*About this exercise*. Output the listing exactly, leaving out no line.

*Records provided*.
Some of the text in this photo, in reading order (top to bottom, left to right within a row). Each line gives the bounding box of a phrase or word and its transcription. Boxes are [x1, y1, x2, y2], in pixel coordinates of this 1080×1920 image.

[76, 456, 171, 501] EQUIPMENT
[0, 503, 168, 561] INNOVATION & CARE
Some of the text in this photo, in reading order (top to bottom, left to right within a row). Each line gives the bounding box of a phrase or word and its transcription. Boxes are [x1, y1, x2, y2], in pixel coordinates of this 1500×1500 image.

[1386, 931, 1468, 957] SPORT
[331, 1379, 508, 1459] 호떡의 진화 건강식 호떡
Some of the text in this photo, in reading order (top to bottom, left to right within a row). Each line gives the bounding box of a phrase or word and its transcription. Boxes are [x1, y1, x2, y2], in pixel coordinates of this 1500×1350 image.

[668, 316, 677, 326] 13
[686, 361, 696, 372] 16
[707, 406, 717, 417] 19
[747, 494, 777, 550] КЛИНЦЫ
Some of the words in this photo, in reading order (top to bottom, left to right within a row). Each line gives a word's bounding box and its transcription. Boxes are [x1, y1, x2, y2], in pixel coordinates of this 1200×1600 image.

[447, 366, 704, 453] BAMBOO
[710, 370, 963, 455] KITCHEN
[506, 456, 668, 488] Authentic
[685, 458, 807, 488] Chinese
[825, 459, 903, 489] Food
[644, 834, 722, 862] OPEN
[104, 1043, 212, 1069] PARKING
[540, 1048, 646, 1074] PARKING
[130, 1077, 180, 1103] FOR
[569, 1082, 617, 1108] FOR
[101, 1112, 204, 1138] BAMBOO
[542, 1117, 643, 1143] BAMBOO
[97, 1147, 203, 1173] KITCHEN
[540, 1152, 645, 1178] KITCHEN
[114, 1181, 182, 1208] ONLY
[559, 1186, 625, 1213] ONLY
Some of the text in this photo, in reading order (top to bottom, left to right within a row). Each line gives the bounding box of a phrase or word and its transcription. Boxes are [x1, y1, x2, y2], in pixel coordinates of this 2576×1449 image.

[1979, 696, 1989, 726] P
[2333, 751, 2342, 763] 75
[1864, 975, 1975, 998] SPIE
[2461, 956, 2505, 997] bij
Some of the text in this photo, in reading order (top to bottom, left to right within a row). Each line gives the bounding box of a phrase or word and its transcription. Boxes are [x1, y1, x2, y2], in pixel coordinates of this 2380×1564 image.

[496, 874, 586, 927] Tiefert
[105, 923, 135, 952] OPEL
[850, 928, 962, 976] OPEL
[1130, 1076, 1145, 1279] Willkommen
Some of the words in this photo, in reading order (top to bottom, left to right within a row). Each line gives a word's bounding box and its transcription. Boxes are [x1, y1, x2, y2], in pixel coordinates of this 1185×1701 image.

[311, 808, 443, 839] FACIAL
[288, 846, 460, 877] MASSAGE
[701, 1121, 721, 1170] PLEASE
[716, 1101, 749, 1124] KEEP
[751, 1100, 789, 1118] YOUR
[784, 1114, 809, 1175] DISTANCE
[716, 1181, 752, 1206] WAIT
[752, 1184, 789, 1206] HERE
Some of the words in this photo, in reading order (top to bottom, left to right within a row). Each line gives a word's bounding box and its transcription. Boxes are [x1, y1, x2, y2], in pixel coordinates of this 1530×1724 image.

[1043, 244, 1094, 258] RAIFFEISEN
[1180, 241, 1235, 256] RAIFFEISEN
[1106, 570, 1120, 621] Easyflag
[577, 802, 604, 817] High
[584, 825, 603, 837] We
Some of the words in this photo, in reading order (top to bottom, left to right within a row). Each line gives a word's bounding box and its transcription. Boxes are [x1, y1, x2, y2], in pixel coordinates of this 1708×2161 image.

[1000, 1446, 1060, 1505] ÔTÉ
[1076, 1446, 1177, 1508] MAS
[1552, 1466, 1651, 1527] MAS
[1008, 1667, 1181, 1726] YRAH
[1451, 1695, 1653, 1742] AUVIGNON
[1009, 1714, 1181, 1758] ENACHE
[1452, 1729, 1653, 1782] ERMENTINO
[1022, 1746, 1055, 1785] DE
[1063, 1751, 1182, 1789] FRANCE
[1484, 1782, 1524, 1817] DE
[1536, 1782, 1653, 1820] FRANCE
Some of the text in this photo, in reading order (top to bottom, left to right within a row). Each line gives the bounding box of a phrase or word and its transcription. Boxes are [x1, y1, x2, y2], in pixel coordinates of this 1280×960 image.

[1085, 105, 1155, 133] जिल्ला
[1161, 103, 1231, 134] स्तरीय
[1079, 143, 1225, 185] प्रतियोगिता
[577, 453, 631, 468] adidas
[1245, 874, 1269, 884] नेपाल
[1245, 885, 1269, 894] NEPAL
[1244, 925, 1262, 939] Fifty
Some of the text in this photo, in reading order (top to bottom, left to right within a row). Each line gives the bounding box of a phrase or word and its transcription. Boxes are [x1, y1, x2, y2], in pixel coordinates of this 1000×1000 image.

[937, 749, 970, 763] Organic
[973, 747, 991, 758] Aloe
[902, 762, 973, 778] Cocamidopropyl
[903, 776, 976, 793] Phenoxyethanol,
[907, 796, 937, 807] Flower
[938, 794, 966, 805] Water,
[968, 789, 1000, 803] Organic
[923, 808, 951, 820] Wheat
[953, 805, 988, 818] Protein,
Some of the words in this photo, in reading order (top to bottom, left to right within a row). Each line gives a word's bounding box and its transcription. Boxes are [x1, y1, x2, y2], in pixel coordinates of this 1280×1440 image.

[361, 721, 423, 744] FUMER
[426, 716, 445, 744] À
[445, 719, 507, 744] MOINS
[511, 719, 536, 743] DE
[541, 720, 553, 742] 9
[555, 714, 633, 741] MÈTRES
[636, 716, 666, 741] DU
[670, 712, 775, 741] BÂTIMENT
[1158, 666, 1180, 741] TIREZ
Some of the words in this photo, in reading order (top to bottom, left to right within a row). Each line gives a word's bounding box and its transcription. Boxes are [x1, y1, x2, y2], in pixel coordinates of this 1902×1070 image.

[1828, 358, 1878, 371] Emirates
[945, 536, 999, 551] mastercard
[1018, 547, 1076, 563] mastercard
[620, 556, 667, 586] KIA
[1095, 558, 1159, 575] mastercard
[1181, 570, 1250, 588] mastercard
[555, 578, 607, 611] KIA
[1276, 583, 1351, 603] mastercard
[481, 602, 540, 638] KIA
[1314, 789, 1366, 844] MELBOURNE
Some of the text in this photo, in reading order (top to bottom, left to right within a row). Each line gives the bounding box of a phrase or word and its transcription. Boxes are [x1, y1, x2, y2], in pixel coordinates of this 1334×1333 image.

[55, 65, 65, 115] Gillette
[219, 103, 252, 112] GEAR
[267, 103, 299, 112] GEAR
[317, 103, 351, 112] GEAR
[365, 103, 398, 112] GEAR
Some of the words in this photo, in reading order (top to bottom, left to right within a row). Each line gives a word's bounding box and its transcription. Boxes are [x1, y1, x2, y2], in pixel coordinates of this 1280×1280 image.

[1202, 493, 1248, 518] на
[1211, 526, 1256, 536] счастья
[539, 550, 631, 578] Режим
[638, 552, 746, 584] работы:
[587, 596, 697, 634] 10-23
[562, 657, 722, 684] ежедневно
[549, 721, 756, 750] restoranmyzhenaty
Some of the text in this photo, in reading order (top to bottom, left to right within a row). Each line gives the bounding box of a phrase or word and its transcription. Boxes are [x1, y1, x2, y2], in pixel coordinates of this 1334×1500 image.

*Task solution*.
Some of the text in this photo, in reading order (top to bottom, left to right within a row). Each line gives the bounding box of a phrase or word and its transcription. Boxes are [x1, y1, x2, y2], in pixel coordinates of this 1080×1920 image.

[76, 456, 171, 501] EQUIPMENT
[0, 503, 168, 561] INNOVATION & CARE
Some of the text in this photo, in reading order (top to bottom, left to right within a row). Each line gives the bounding box of a phrase or word and its transcription. Boxes are [x1, y1, x2, y2], in pixel coordinates of this 1500×1500 image.

[1386, 931, 1468, 957] SPORT
[331, 1379, 508, 1459] 호떡의 진화 건강식 호떡
Some of the text in this photo, in reading order (top to bottom, left to right within a row). Each line gives the bounding box of a phrase or word and its transcription. Boxes are [x1, y1, x2, y2], in pixel coordinates of this 1500×1350 image.

[668, 316, 677, 326] 13
[686, 361, 696, 372] 16
[707, 406, 717, 417] 19
[747, 494, 777, 550] КЛИНЦЫ
Some of the words in this photo, in reading order (top to bottom, left to right within a row). Each line gives a word's bounding box and its transcription. Boxes are [x1, y1, x2, y2], in pixel coordinates of this 1200×1600 image.

[447, 366, 704, 453] BAMBOO
[710, 370, 963, 455] KITCHEN
[506, 456, 668, 488] Authentic
[685, 458, 807, 488] Chinese
[825, 459, 903, 489] Food
[644, 834, 722, 862] OPEN
[104, 1043, 212, 1069] PARKING
[540, 1048, 646, 1074] PARKING
[130, 1077, 180, 1103] FOR
[569, 1082, 617, 1108] FOR
[101, 1112, 204, 1138] BAMBOO
[542, 1117, 643, 1143] BAMBOO
[97, 1147, 203, 1173] KITCHEN
[540, 1152, 645, 1178] KITCHEN
[114, 1181, 182, 1208] ONLY
[559, 1186, 625, 1213] ONLY
Some of the text in this photo, in reading order (top to bottom, left to right within a row). Each line gives the bounding box of a phrase or word and its transcription. Boxes are [x1, y1, x2, y2], in pixel coordinates of this 2576×1449 image.

[1979, 696, 1989, 726] P
[2333, 751, 2342, 763] 75
[1864, 975, 1975, 998] SPIE
[2461, 956, 2505, 997] bij
Some of the text in this photo, in reading order (top to bottom, left to right within a row). Each line gives the bounding box of a phrase or word and its transcription. Boxes are [x1, y1, x2, y2], in pixel coordinates of this 2380×1564 image.

[496, 874, 586, 927] Tiefert
[105, 923, 135, 952] OPEL
[850, 928, 962, 976] OPEL
[1130, 1076, 1145, 1279] Willkommen
Some of the words in this photo, in reading order (top to bottom, left to right within a row). Each line gives a word's bounding box and its transcription. Boxes are [x1, y1, x2, y2], in pixel coordinates of this 1185×1701 image.

[311, 808, 443, 839] FACIAL
[288, 846, 460, 877] MASSAGE
[701, 1121, 721, 1170] PLEASE
[716, 1101, 749, 1124] KEEP
[751, 1100, 789, 1118] YOUR
[784, 1114, 809, 1175] DISTANCE
[716, 1181, 752, 1206] WAIT
[752, 1184, 789, 1206] HERE
Some of the words in this photo, in reading order (top to bottom, left to right within a row). Each line gives a word's bounding box and its transcription. Boxes are [x1, y1, x2, y2], in pixel coordinates of this 1530×1724 image.

[1043, 244, 1094, 258] RAIFFEISEN
[1180, 241, 1235, 256] RAIFFEISEN
[1106, 570, 1120, 621] Easyflag
[577, 802, 604, 817] High
[584, 825, 603, 837] We
Some of the words in this photo, in reading order (top to bottom, left to right within a row). Each line gives a word's bounding box and its transcription. Boxes are [x1, y1, x2, y2], in pixel coordinates of this 1708×2161 image.

[1000, 1446, 1060, 1505] ÔTÉ
[1076, 1446, 1177, 1508] MAS
[1552, 1466, 1651, 1527] MAS
[1008, 1667, 1181, 1726] YRAH
[1451, 1695, 1653, 1742] AUVIGNON
[1009, 1714, 1181, 1758] ENACHE
[1452, 1729, 1653, 1782] ERMENTINO
[1022, 1746, 1055, 1785] DE
[1063, 1751, 1182, 1789] FRANCE
[1484, 1782, 1524, 1817] DE
[1536, 1782, 1653, 1820] FRANCE
Some of the text in this photo, in reading order (top to bottom, left to right within a row). Each line gives the bounding box of a phrase or word and its transcription. Boxes are [x1, y1, x2, y2], in pixel coordinates of this 1280×960 image.

[1085, 105, 1155, 133] जिल्ला
[1161, 103, 1231, 134] स्तरीय
[1079, 143, 1225, 185] प्रतियोगिता
[577, 453, 631, 468] adidas
[1245, 874, 1269, 884] नेपाल
[1245, 885, 1269, 894] NEPAL
[1244, 925, 1262, 939] Fifty
Some of the text in this photo, in reading order (top to bottom, left to right within a row). Each line gives the bounding box of a phrase or word and its transcription. Boxes are [x1, y1, x2, y2], in pixel coordinates of this 1000×1000 image.

[937, 749, 970, 763] Organic
[973, 747, 991, 758] Aloe
[902, 762, 973, 778] Cocamidopropyl
[903, 776, 976, 793] Phenoxyethanol,
[907, 796, 937, 807] Flower
[938, 794, 966, 805] Water,
[968, 789, 1000, 803] Organic
[923, 808, 951, 820] Wheat
[953, 805, 988, 818] Protein,
Some of the words in this photo, in reading order (top to bottom, left to right within a row). Each line gives a word's bounding box and its transcription. Boxes are [x1, y1, x2, y2], in pixel coordinates of this 1280×1440 image.

[361, 721, 423, 744] FUMER
[426, 716, 445, 744] À
[445, 719, 507, 744] MOINS
[511, 719, 536, 743] DE
[541, 720, 553, 742] 9
[555, 714, 633, 741] MÈTRES
[636, 716, 666, 741] DU
[670, 712, 775, 741] BÂTIMENT
[1158, 666, 1180, 741] TIREZ
Some of the words in this photo, in reading order (top to bottom, left to right within a row). Each line gives a word's bounding box and its transcription. Boxes are [x1, y1, x2, y2], in pixel coordinates of this 1902×1070 image.

[1828, 358, 1878, 371] Emirates
[945, 536, 999, 551] mastercard
[1018, 547, 1076, 563] mastercard
[620, 556, 667, 586] KIA
[1095, 558, 1159, 575] mastercard
[1181, 570, 1250, 588] mastercard
[555, 578, 607, 611] KIA
[1276, 583, 1351, 603] mastercard
[481, 602, 540, 638] KIA
[1314, 789, 1366, 844] MELBOURNE
Some of the text in this photo, in reading order (top to bottom, left to right within a row). Each line gives the bounding box of a phrase or word and its transcription. Boxes are [x1, y1, x2, y2], in pixel coordinates of this 1334×1333 image.

[55, 65, 65, 115] Gillette
[219, 103, 252, 112] GEAR
[267, 103, 299, 112] GEAR
[317, 103, 351, 112] GEAR
[365, 103, 398, 112] GEAR
Some of the words in this photo, in reading order (top to bottom, left to right within a row). Each line gives a word's bounding box and its transcription. Boxes are [x1, y1, x2, y2], in pixel coordinates of this 1280×1280 image.

[1202, 493, 1248, 518] на
[1211, 526, 1256, 536] счастья
[539, 550, 631, 578] Режим
[638, 552, 746, 584] работы:
[587, 596, 697, 634] 10-23
[562, 657, 722, 684] ежедневно
[549, 721, 756, 750] restoranmyzhenaty
Some of the text in this photo, in reading order (top to bottom, left to right within a row). Each line gives the bounding box of a phrase or word and its transcription. Boxes are [x1, y1, x2, y2], in pixel coordinates of this 1334×1500 image.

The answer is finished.